***** Supplied material

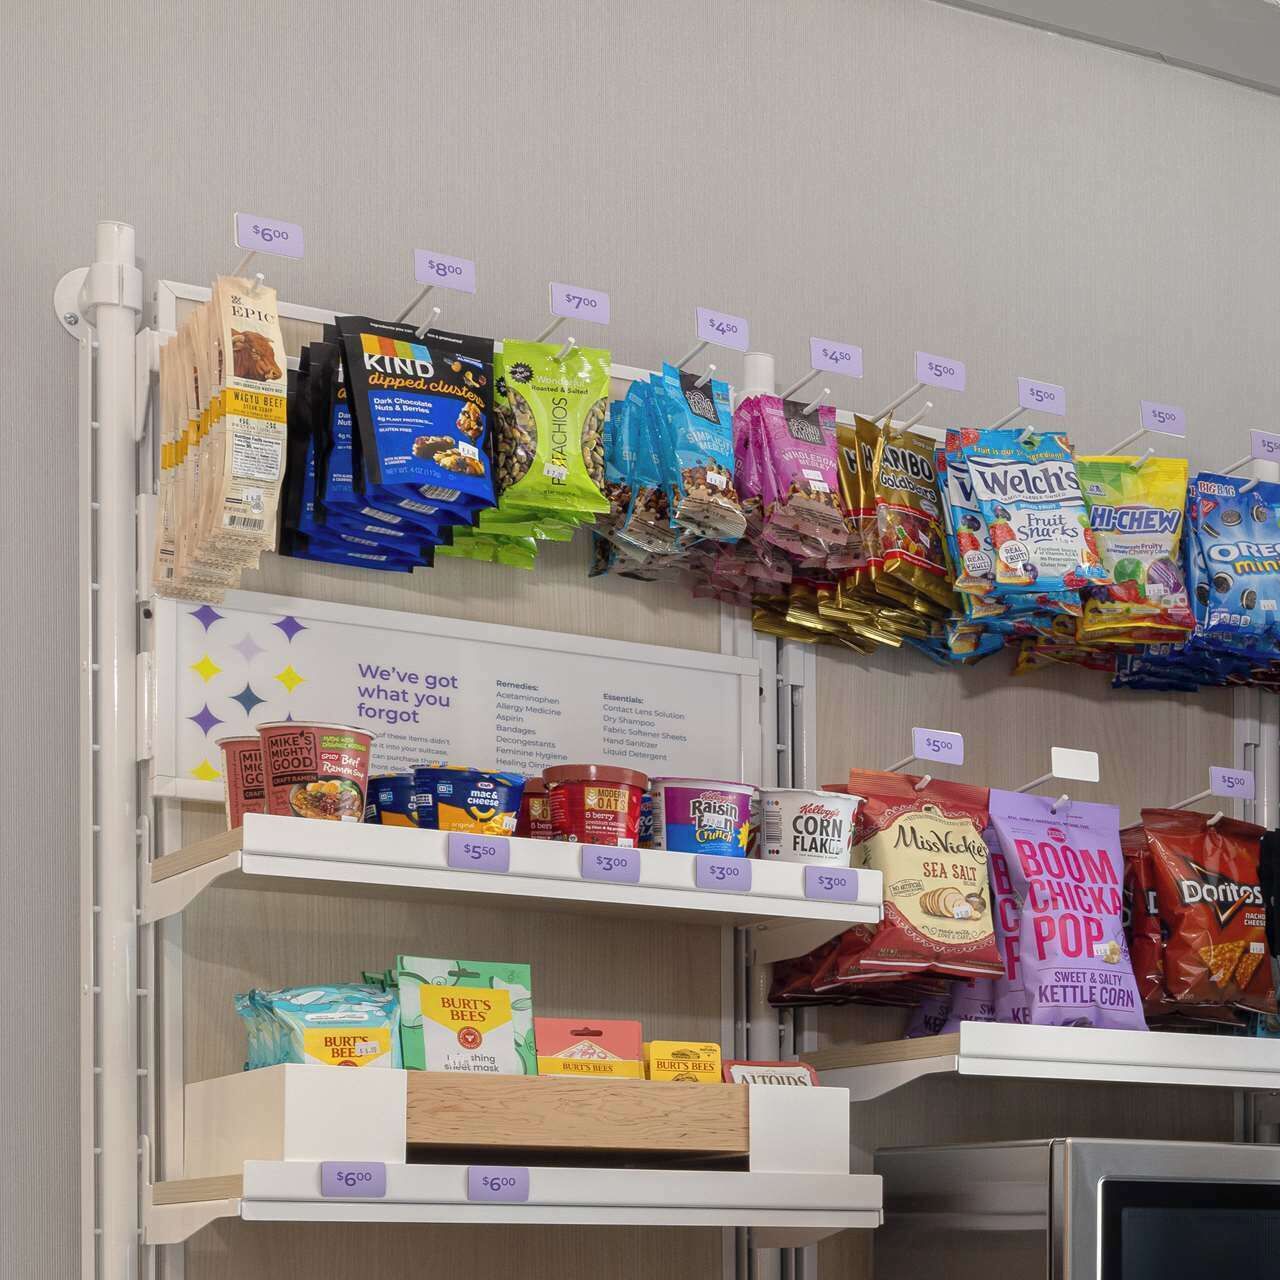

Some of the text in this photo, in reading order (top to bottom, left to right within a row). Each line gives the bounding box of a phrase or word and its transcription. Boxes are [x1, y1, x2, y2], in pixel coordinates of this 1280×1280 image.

[232, 305, 275, 324] EPIC
[364, 353, 434, 377] KIND
[369, 372, 485, 408] dipped clusters
[394, 398, 432, 408] Chocolate
[880, 471, 936, 502] Goldbears
[976, 467, 1079, 495] Welch's
[1198, 481, 1216, 494] BIG
[1027, 513, 1066, 526] Fruit
[359, 663, 459, 689] We've got
[496, 680, 539, 691] Remedies:
[358, 684, 450, 708] what you
[496, 691, 560, 705] Acetaminophen
[603, 694, 644, 704] Essentials:
[357, 702, 419, 724] forgot
[496, 703, 561, 716] Allergy Medicine
[603, 704, 685, 720] Contact Lens Solution
[496, 713, 524, 723] Aspirin
[603, 715, 655, 727] Dry Shampoo
[496, 725, 536, 735] Bandages
[603, 726, 687, 742] Fabric Softener Sheets
[270, 735, 312, 747] MIKE'S
[496, 736, 556, 749] Decongestants
[603, 737, 657, 748] Hand Sanitizer
[272, 747, 312, 759] MIGHTY
[496, 747, 568, 761] Feminine Hygiene
[603, 748, 667, 761] Liquid Detergent
[496, 758, 527, 768] Healing
[274, 776, 292, 785] CRAFT
[598, 789, 626, 798] MODERN
[598, 798, 626, 810] OATS
[692, 799, 738, 819] Raisin
[592, 812, 614, 820] berry
[793, 816, 842, 837] CORN
[696, 829, 735, 843] Crunch
[1014, 839, 1119, 885] BOOM
[923, 863, 977, 882] SEA SALT
[1028, 879, 1121, 916] CHICKA
[1182, 880, 1263, 904] Doritos
[1033, 913, 1104, 960] POP
[1055, 971, 1122, 986] SWEET & SALTY
[1038, 985, 1134, 1008] KETTLE CORN
[441, 997, 491, 1010] BURT'S
[450, 1010, 485, 1022] BEES
[325, 1036, 368, 1047] BURT'S
[473, 1064, 499, 1072] mask
[562, 1063, 613, 1072] BURT'S BEES
[657, 1061, 714, 1071] BURT'S BEES
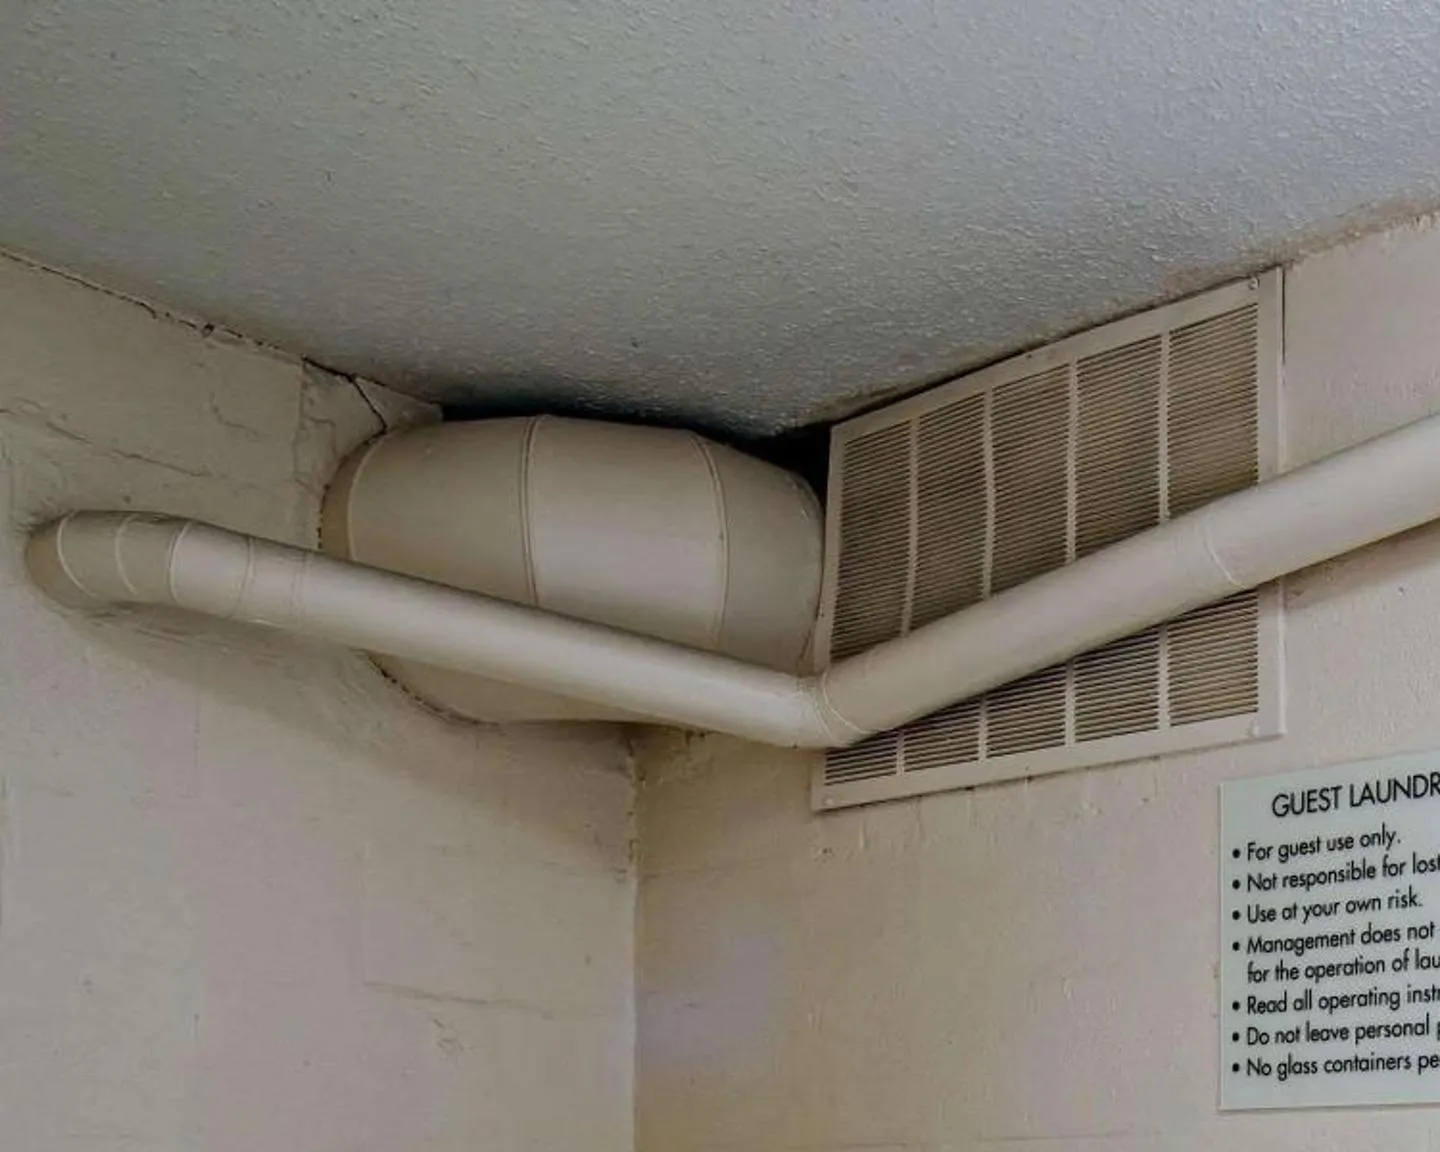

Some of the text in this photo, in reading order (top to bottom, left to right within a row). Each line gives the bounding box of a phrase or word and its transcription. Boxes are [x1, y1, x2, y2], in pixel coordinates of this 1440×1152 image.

**********

*Directions:*
From the first line to the last, reproduce the records above exactly and skip the pictures.

*Reply:*
Some of the text in this photo, in reading order (top to bottom, left to right within a row). Each line gives the bounding box of a phrase or word and its transcription. Boxes are [x1, y1, x2, y2], in pixel coordinates of this 1280×1280 image.

[232, 305, 275, 324] EPIC
[364, 353, 434, 377] KIND
[369, 372, 485, 408] dipped clusters
[394, 398, 432, 408] Chocolate
[880, 471, 936, 502] Goldbears
[976, 467, 1079, 495] Welch's
[1198, 481, 1216, 494] BIG
[1027, 513, 1066, 526] Fruit
[359, 663, 459, 689] We've got
[496, 680, 539, 691] Remedies:
[358, 684, 450, 708] what you
[496, 691, 560, 705] Acetaminophen
[603, 694, 644, 704] Essentials:
[357, 702, 419, 724] forgot
[496, 703, 561, 716] Allergy Medicine
[603, 704, 685, 720] Contact Lens Solution
[496, 713, 524, 723] Aspirin
[603, 715, 655, 727] Dry Shampoo
[496, 725, 536, 735] Bandages
[603, 726, 687, 742] Fabric Softener Sheets
[270, 735, 312, 747] MIKE'S
[496, 736, 556, 749] Decongestants
[603, 737, 657, 748] Hand Sanitizer
[272, 747, 312, 759] MIGHTY
[496, 747, 568, 761] Feminine Hygiene
[603, 748, 667, 761] Liquid Detergent
[496, 758, 527, 768] Healing
[274, 776, 292, 785] CRAFT
[598, 789, 626, 798] MODERN
[598, 798, 626, 810] OATS
[692, 799, 738, 819] Raisin
[592, 812, 614, 820] berry
[793, 816, 842, 837] CORN
[696, 829, 735, 843] Crunch
[1014, 839, 1119, 885] BOOM
[923, 863, 977, 882] SEA SALT
[1028, 879, 1121, 916] CHICKA
[1182, 880, 1263, 904] Doritos
[1033, 913, 1104, 960] POP
[1055, 971, 1122, 986] SWEET & SALTY
[1038, 985, 1134, 1008] KETTLE CORN
[441, 997, 491, 1010] BURT'S
[450, 1010, 485, 1022] BEES
[325, 1036, 368, 1047] BURT'S
[473, 1064, 499, 1072] mask
[562, 1063, 613, 1072] BURT'S BEES
[657, 1061, 714, 1071] BURT'S BEES

Some of the text in this photo, in reading order (top to bottom, left to right within a row). Each line gives the bounding box of a phrase or word and its transcription. Boxes are [x1, y1, x2, y2], in pixel coordinates of this 1440×1152 image.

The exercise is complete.